— Task description —
Set down each line of the records once more, precisely, and omit the pictures.

****************************************

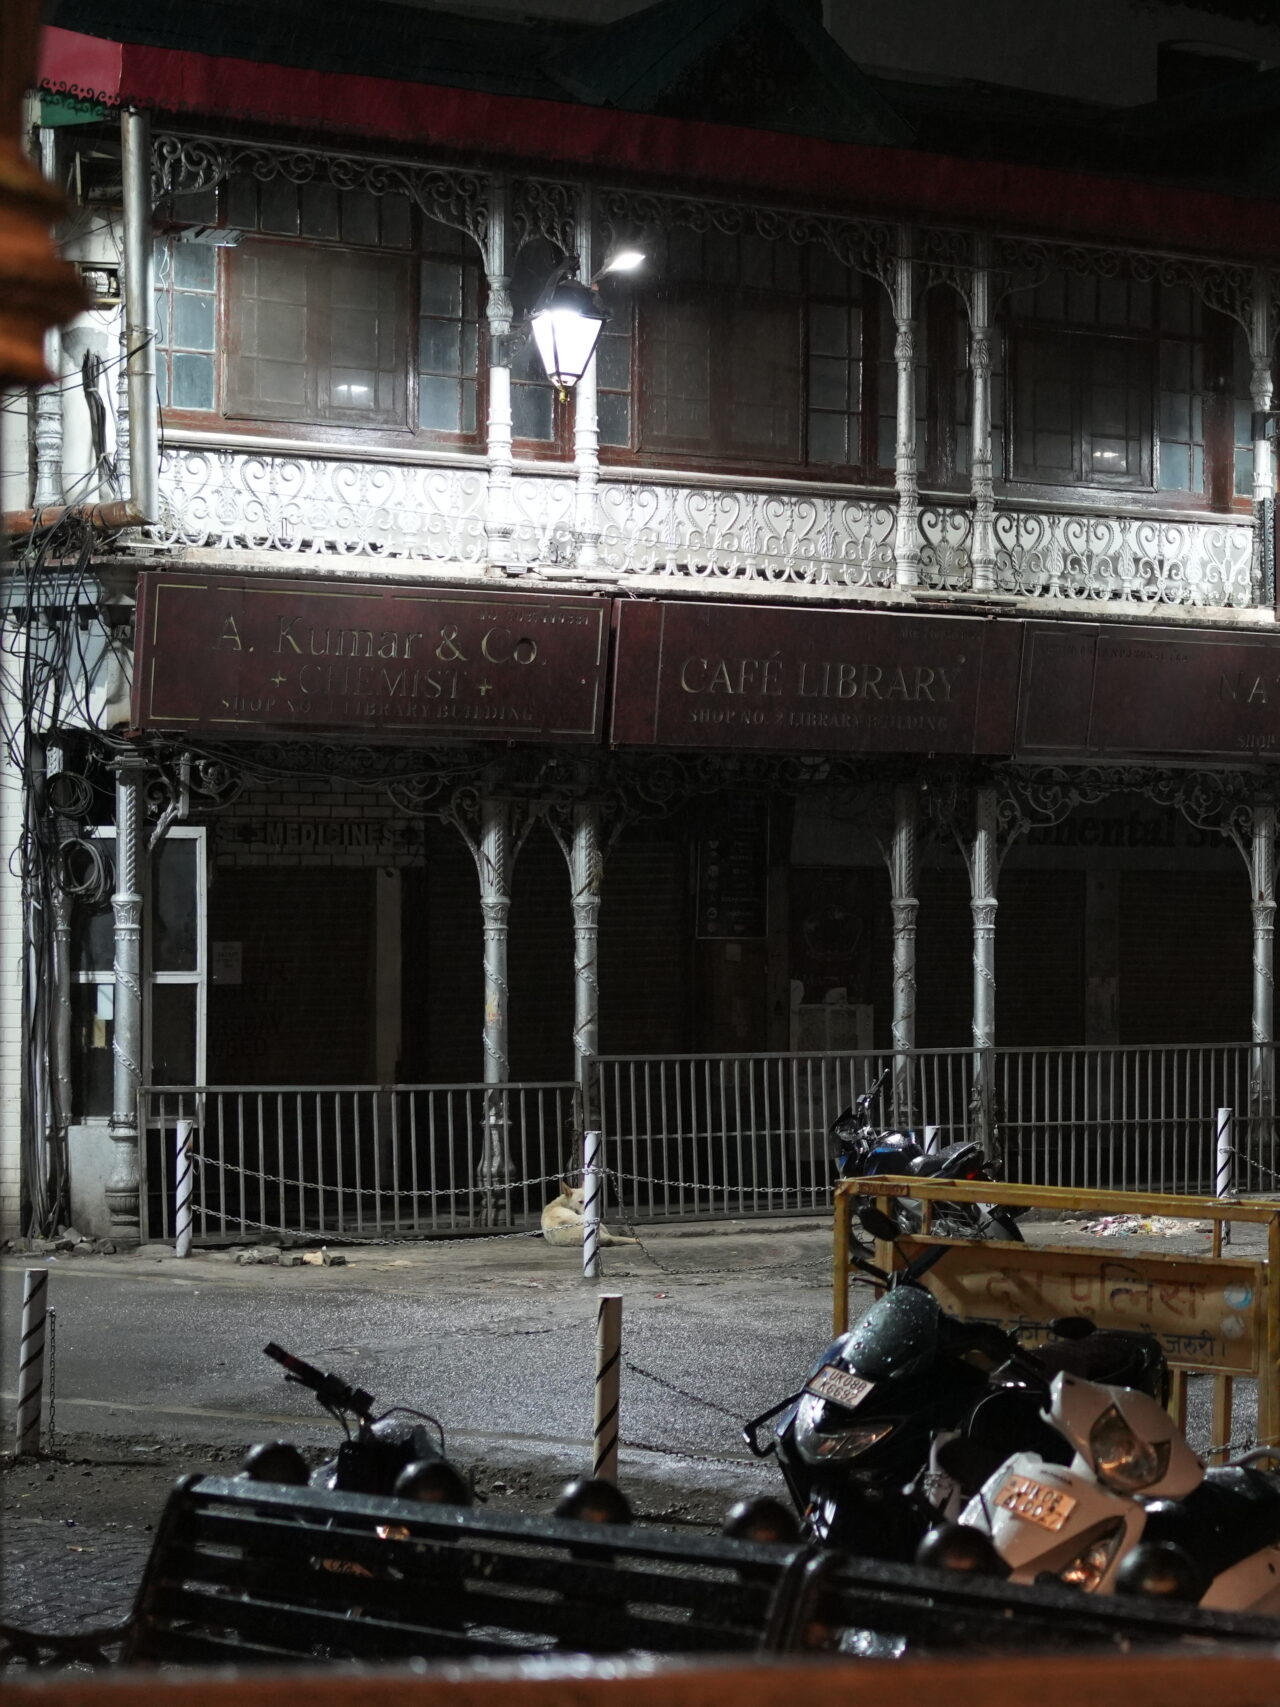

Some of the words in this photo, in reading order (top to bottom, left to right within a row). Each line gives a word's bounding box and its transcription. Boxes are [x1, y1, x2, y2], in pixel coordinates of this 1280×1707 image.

[275, 615, 423, 660] Kumar
[435, 624, 468, 662] &
[299, 663, 465, 699] CHEMIST
[680, 650, 783, 696] CAFÉ
[798, 661, 954, 702] LIBRARY
[221, 697, 276, 715] SHOP
[436, 702, 534, 722] BUILDING
[688, 709, 736, 724] SHOP
[789, 712, 861, 729] LIBRARY
[866, 714, 948, 732] BUILDING
[266, 821, 395, 847] MEDICINES
[1061, 1261, 1207, 1319] पुलिस
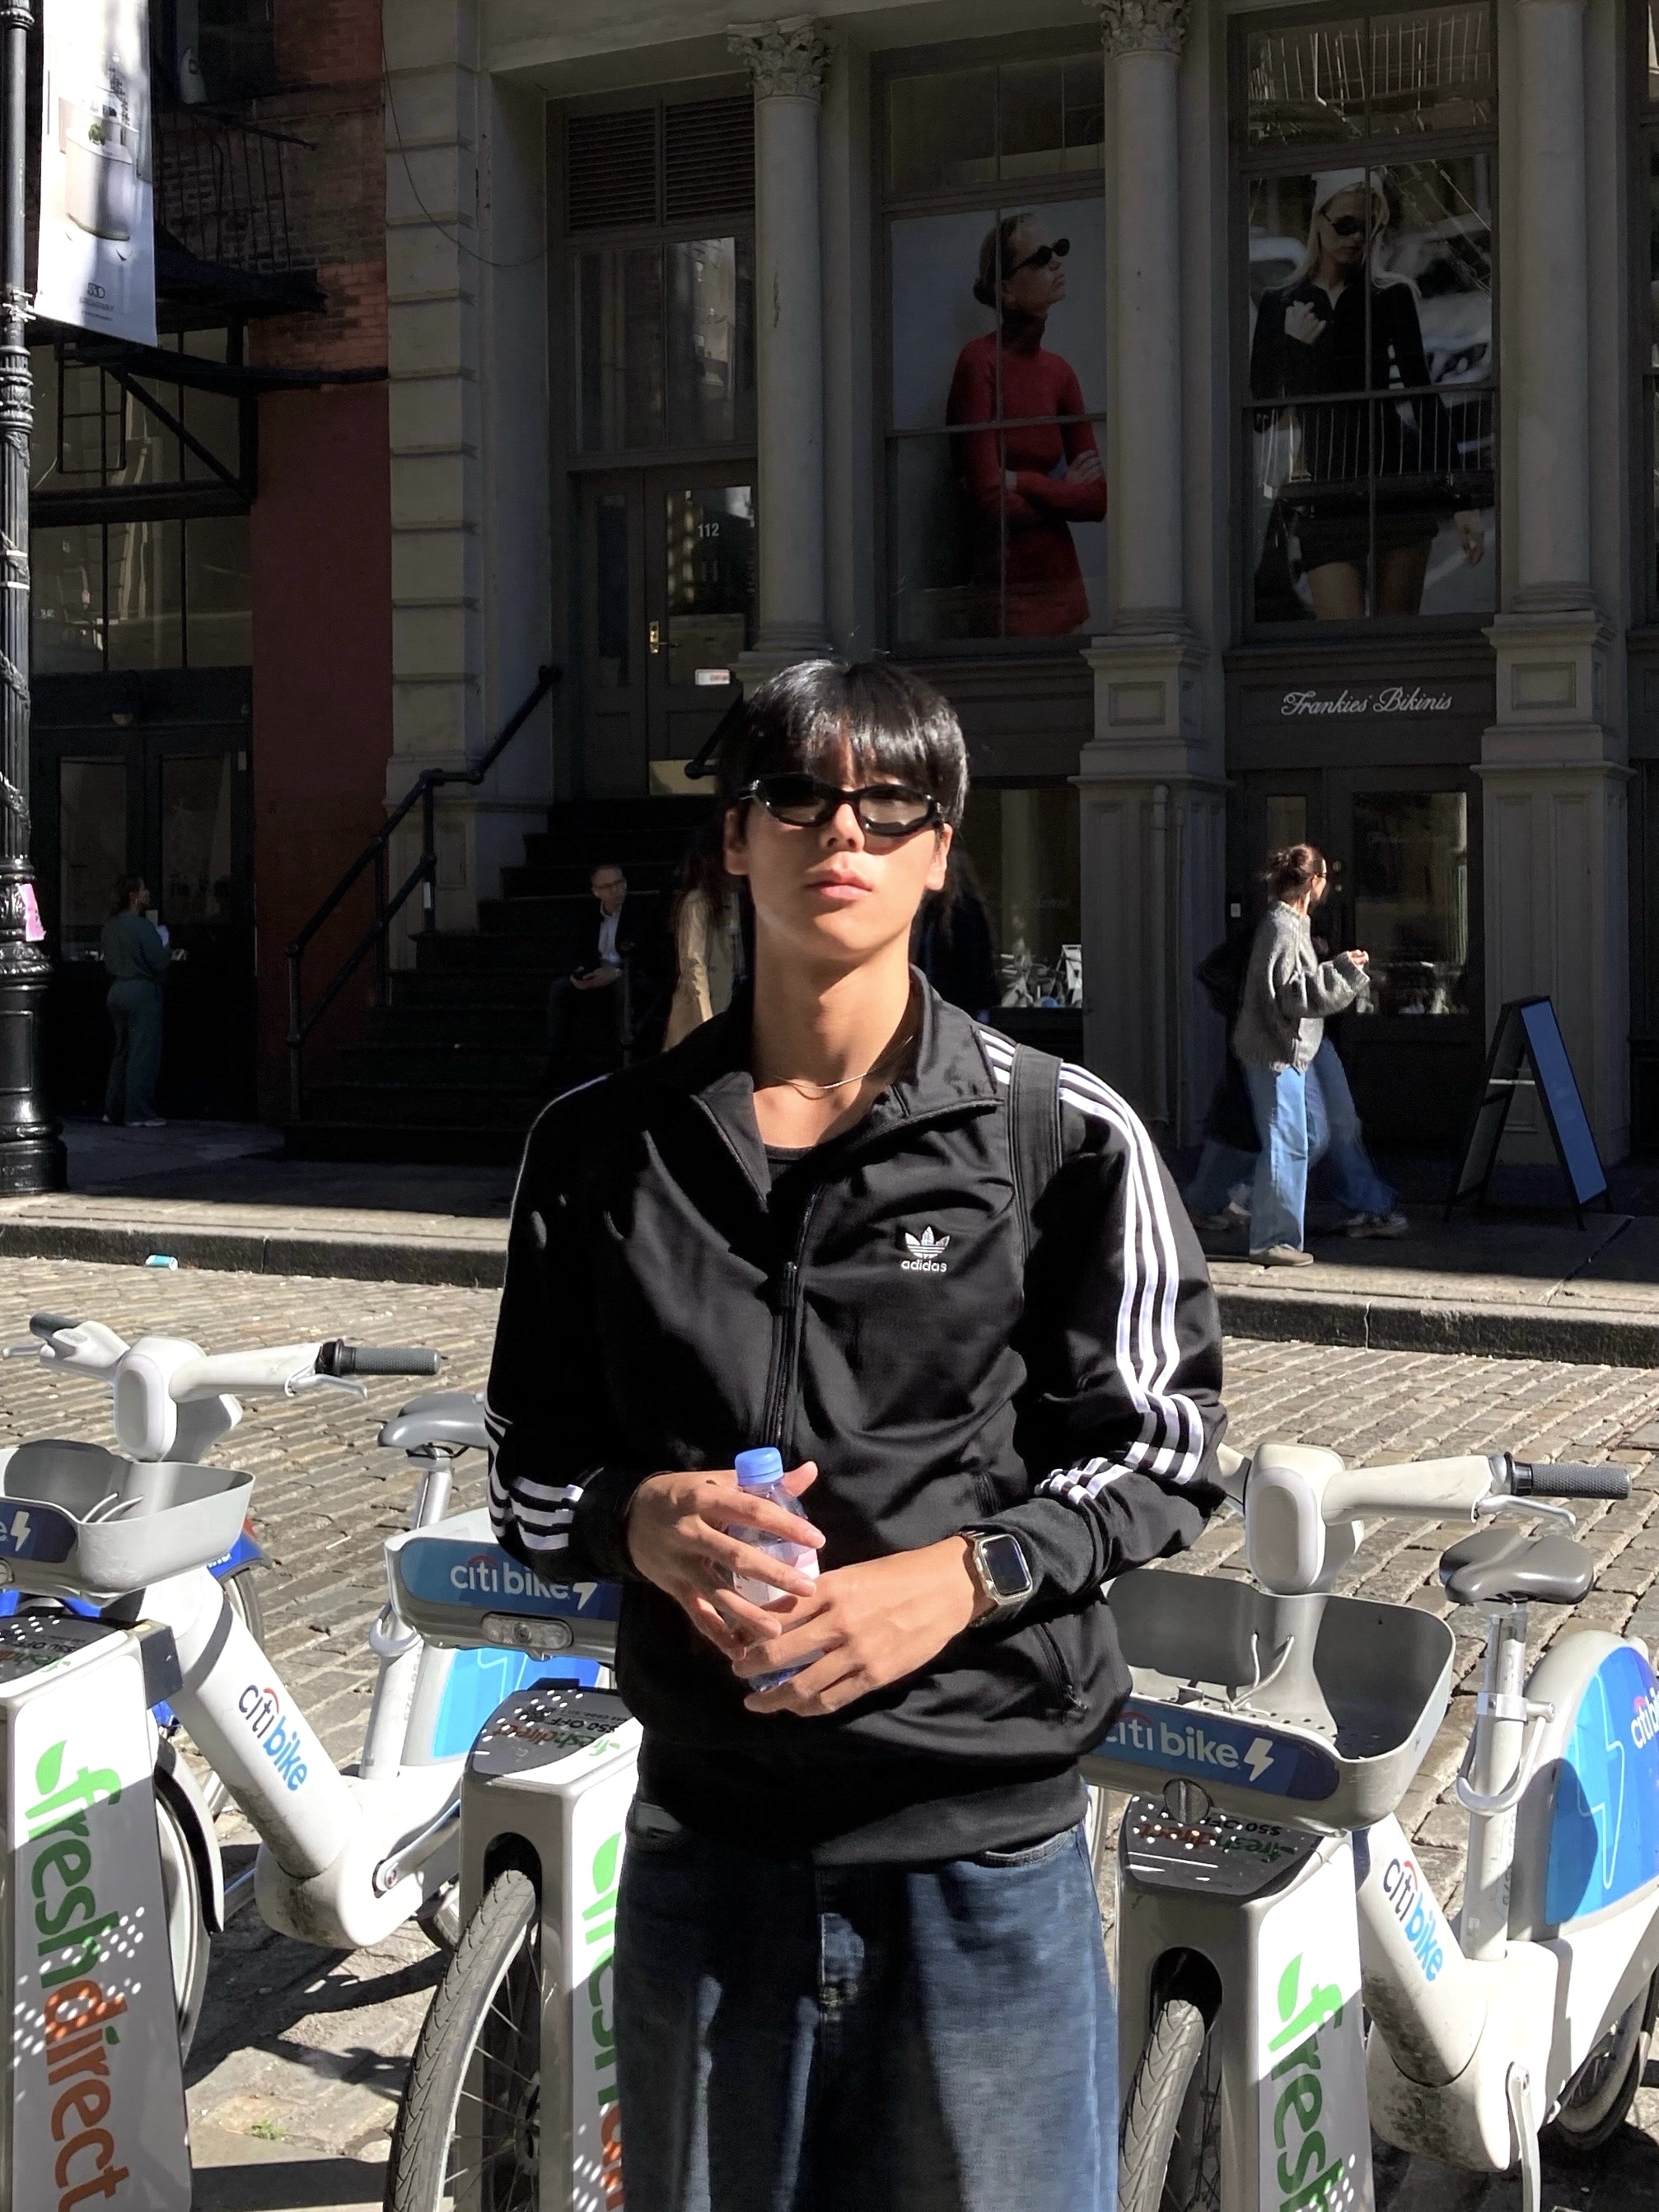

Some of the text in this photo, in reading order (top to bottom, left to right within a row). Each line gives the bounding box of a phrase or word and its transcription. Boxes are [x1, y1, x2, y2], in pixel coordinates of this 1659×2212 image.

****************************************

— Worked solution —
Some of the words in this photo, in reading order (top to bottom, left to right within a row). Each line gives a word's bounding box and its transcription. Boxes are [x1, y1, x2, y2], in pixel coordinates of this 1280×1707 image.

[275, 615, 423, 660] Kumar
[435, 624, 468, 662] &
[299, 663, 465, 699] CHEMIST
[680, 650, 783, 696] CAFÉ
[798, 661, 954, 702] LIBRARY
[221, 697, 276, 715] SHOP
[436, 702, 534, 722] BUILDING
[688, 709, 736, 724] SHOP
[789, 712, 861, 729] LIBRARY
[866, 714, 948, 732] BUILDING
[266, 821, 395, 847] MEDICINES
[1061, 1261, 1207, 1319] पुलिस

Some of the text in this photo, in reading order (top to bottom, left to right within a row). Each line gives the bounding box of a phrase or word and its transcription. Boxes are [x1, y1, x2, y2], in pixel coordinates of this 1659×2212 image.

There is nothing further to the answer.